These analyses of the causes of the New Orleans disaster in the Bush Administration’s ‘right-wing’ ideology are sound, but they do not get at the stark meaning of Katrina on New Orleans in class terms. Below I claim that capital will have to stop or ameliorate natural disasters such as Katrina (whose aggravation by capitalist development makes the distinction between natural and man-made disasters moot) unless it can use them to accumulate!

 

We are at a historical moment similar to the one at the beginning of the nuclear weapons era. In August 1945 the US capitalist class made clear its support for the use of nuclear weapons to destroy any (inter- or intra-class) opponent that seriously threatened its domination, but the question still remained: would the use of nuclear bombs become a normal part of warfare in the future? If there had been a consensus that such warfare increases the average rate of profit, I believe that there would already have been many ‘nuked’ cities. But there was enough fear that the normal use of these weapons might lead to a world-wide revulsion towards and rebellion against capitalism or, at least, a loss of control over workers in the US in the event of a nuclear war that Hiroshima and Nagasaki have remained the only cities to be attacked with nuclear bombs up until now.
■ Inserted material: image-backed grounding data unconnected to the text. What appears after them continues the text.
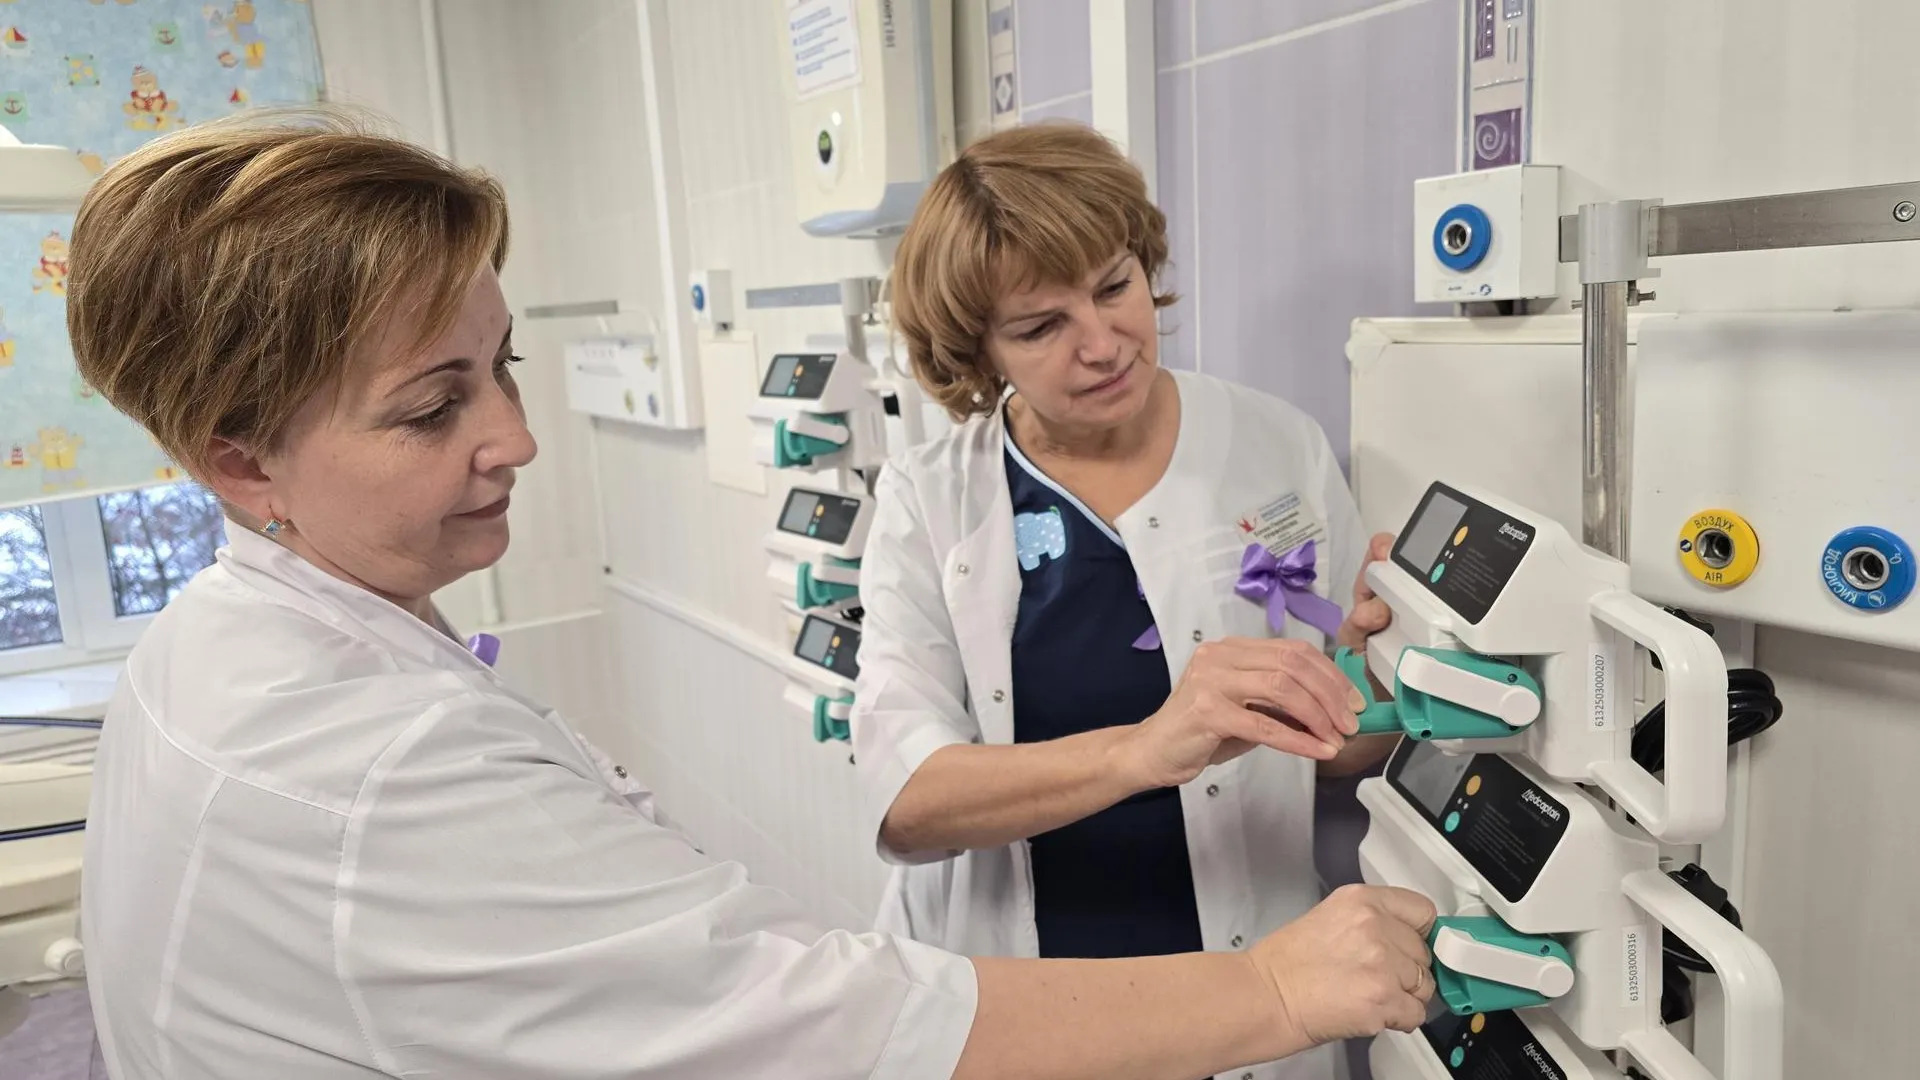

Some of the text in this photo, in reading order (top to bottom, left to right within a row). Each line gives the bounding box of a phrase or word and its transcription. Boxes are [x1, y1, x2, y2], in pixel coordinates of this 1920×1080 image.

[1694, 515, 1734, 532] ВОЗДУХ
[1704, 571, 1723, 582] AIR
[1824, 547, 1858, 604] КИСЛОРОД
[1594, 654, 1605, 727] 6132503000207
[1521, 788, 1561, 822] Medcaptain
[1627, 933, 1639, 1002] 6132503000316
Similarly, unless capital concludes that the hurricanes, floods, droughts, and mass fires caused or aggravated by global warming, for example, cannot be used to impose greater control over workers and to achieve higher profits, what we have seen in post-Katrina New Orleans will be normalised and applied throughout the world. This is what makes the fate of the city so important both for New Orleanians and for the rest of us.

 

Furthermore, the contemporary model for managing the working class in disasters is increasingly warfare. Workers in a disaster are increasingly being turned first into right-less beings and then, when they resist, they become the ‘enemy’. In this logic, the refugee quickly turns into the terrorist.

 

I argue that the Bush Administration’s path to making Katrina a moment of development is through an enclosure, i.e. by uprooting and dispersing a combative, culturally rich and largely black community strategically placed at the geographical centre of the US’s oil, natural gas and chemical industries and replacing it with a ‘more profitable’ and politically docile population. The US military’s intervention during and after Katrina was crucial to stripping black New Orleanians of their rights, even their property rights, in this enclosure.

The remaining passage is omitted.